Overview
Chronic wounds represent a significant burden in rural and remote Australian practice, particularly in Aboriginal and Torres Strait Islander communities where diabetes, malnutrition, vascular disease, scabies, and limited specialist access compound outcomes. The rural generalist must assess, classify, and manage the full spectrum, tropical ulcers in Far North Queensland and the Northern Territory, pressure injuries in aged care and remote facilities, and complex diabetic and vascular ulcers.
Fundamental principle: accurate diagnosis precedes management.
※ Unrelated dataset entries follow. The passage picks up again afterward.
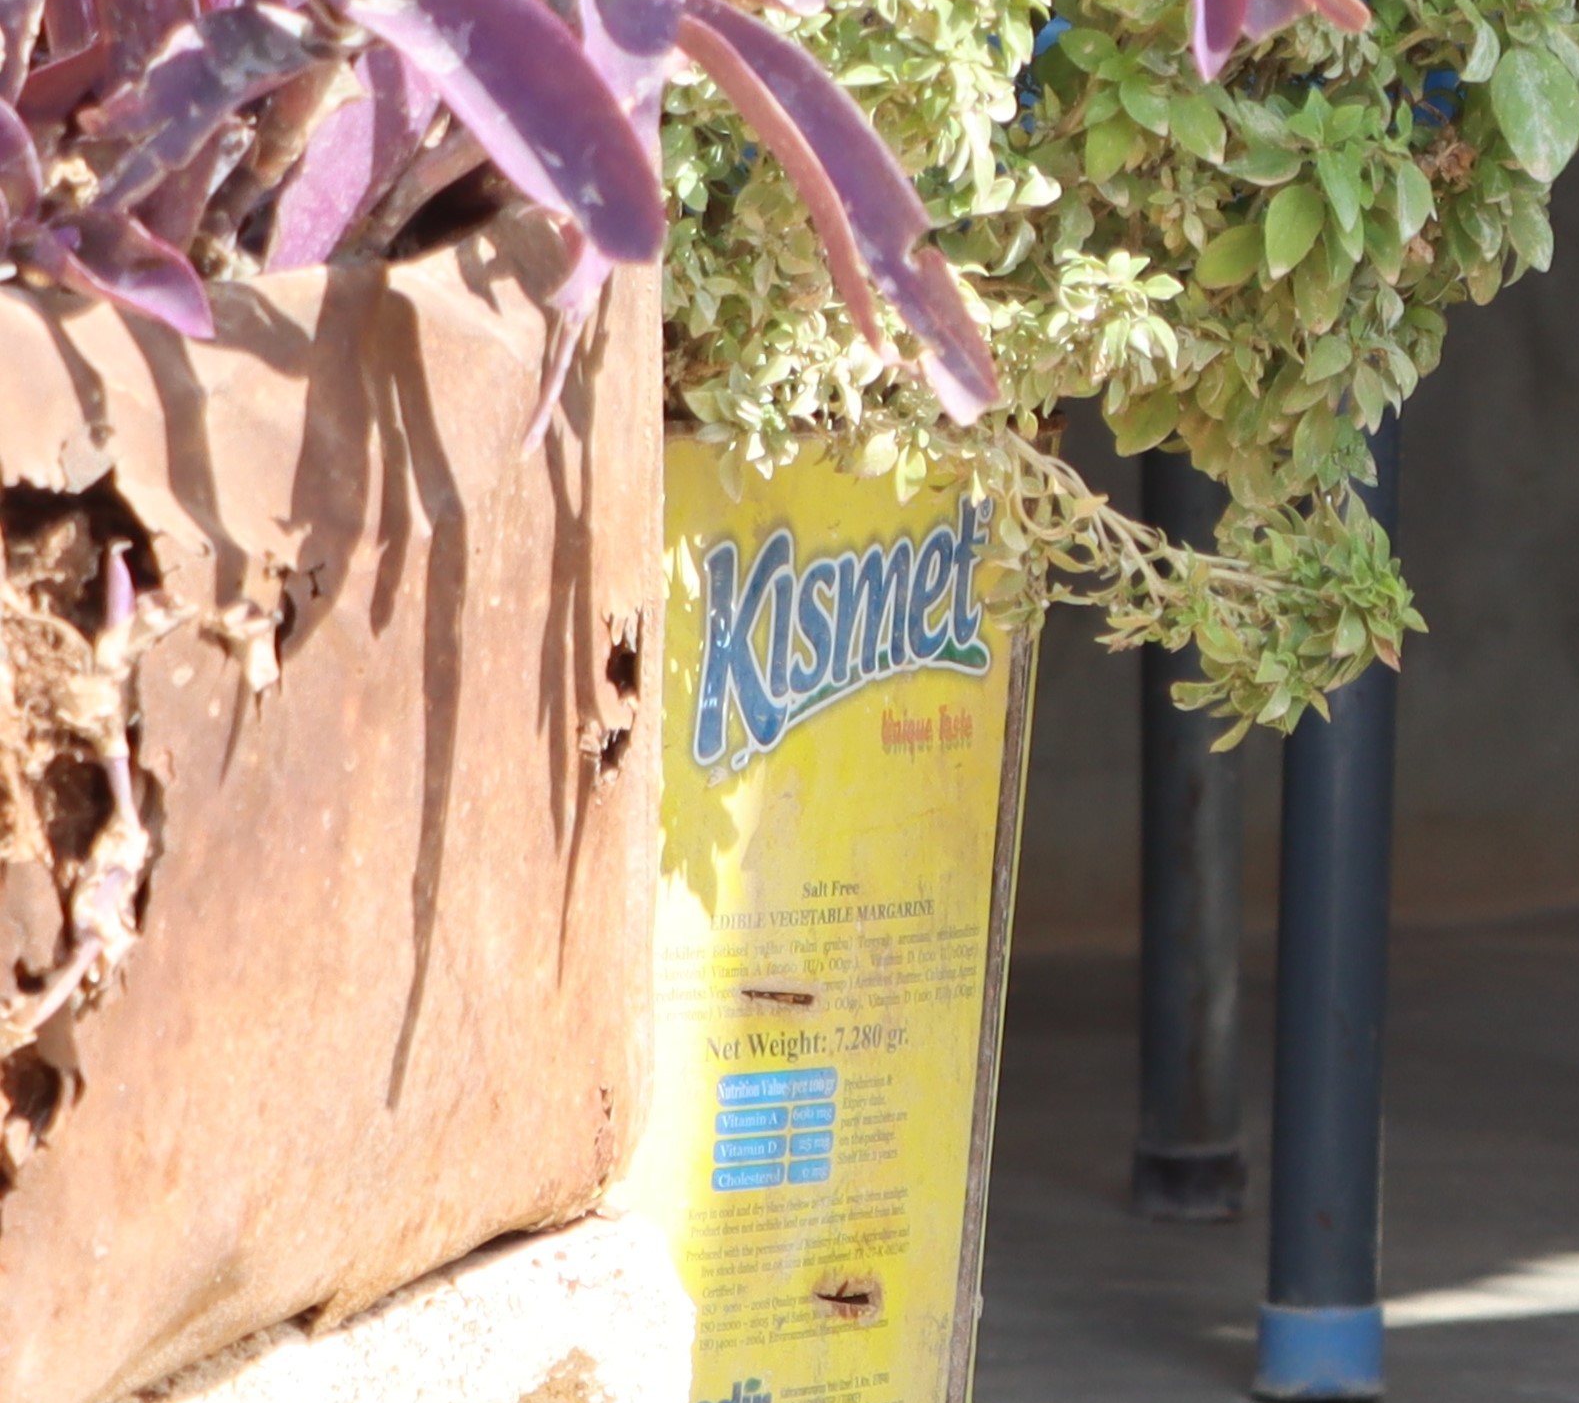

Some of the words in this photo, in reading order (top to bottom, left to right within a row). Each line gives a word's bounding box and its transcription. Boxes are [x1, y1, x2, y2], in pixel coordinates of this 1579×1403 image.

[881, 708, 932, 757] Unique
[938, 704, 973, 753] Taste
[803, 881, 827, 898] Salt
[832, 881, 859, 897] Free
[710, 912, 764, 930] EDIBLE
[770, 905, 852, 928] VEGETABLE
[857, 899, 934, 922] MARGARINE
[705, 1035, 741, 1062] Net
[747, 1030, 828, 1062] Weight:
[835, 1023, 882, 1053] 7.280
[887, 1025, 910, 1051] gr.
[718, 1079, 760, 1101] Nutrition
[723, 1111, 766, 1129] Vitamin
[768, 1111, 778, 1126] A
[815, 1106, 832, 1122] mg
[720, 1139, 764, 1158] Vitamin
[768, 1139, 777, 1154] D
[813, 1136, 831, 1152] mg
[718, 1168, 781, 1188] Cholesterol
[811, 1163, 828, 1180] mg
[691, 1224, 720, 1238] Product
[722, 1222, 738, 1234] does
[686, 1246, 721, 1261] Produced
[724, 1244, 739, 1257] with
[742, 1243, 752, 1255] the
[701, 1304, 715, 1315] ISO
[700, 1322, 715, 1334] ISO
[699, 1339, 714, 1351] ISO
Missing a Marjolin ulcer (SCC developing in a chronic scar or ulcer, burns, venous ulcers, tropical ulcers), amelanotic melanoma, or pyoderma gangrenosum can be fatal.
Classification of Chronic Wounds Relevant to Remote Australian Practice
| Category | Examples | Key Features |
|---|---|---|
| Vascular | Venous leg ulcer, arterial/ischaemic, mixed venous/arterial | Medial gaiter area (venous); distal, painful (arterial); ~80% of leg ulcers are vascular |
| Pressure injury | Sacral, heel, hip, elbow ulcers | Over bony prominences in immobile patients (decubitus) |
| Tropical/infective | Tropical (phagedenic) ulcer, Buruli ulcer, yaws, cutaneous diphtheria, cutaneous TB, leishmaniasis | Endemic in tropical and remote regions |
| Diabetic/neuropathic | Diabetic foot ulcer, neuropathic, ischaemic, or neuroischaemic | Plantar surface, callus, sensory neuropathy; pressure damage |
| Malignant | SCC (Marjolin ulcer), BCC (rodent ulcer), amelanotic melanoma, ulcerating metastases | Non-healing, atypical edge, failure to respond to treatment |
| Inflammatory/autoimmune | Pyoderma gangrenosum, vasculitic ulcer (RA, SLE, scleroderma) | Very painful; resistant to antibiotics; require immunosuppressants |
| Haematological | Sickle cell anaemia, spherocytosis, polycythaemia | Ankle ulcers; relevant in some ATSI and Pacific Islander populations |
| Miscellaneous | Artefactual, drug-induced (hydroxyurea, nicorandil, nicotine), Martorell hypertensive ulcer, insect/spider bites | Drug history essential |
Presentation and Assessment
History
- Duration and trajectory, non-healing wounds >3 months require biopsy consideration
- Mechanism: trauma (barefoot walking over vegetation), pressure, or spontaneous onset
- Geographic and travel history, tropical regions (FNQ, NT, parts of WA), coastal Victoria and Far North Queensland (Buruli ulcer), Pacific Islands and West Africa (yaws)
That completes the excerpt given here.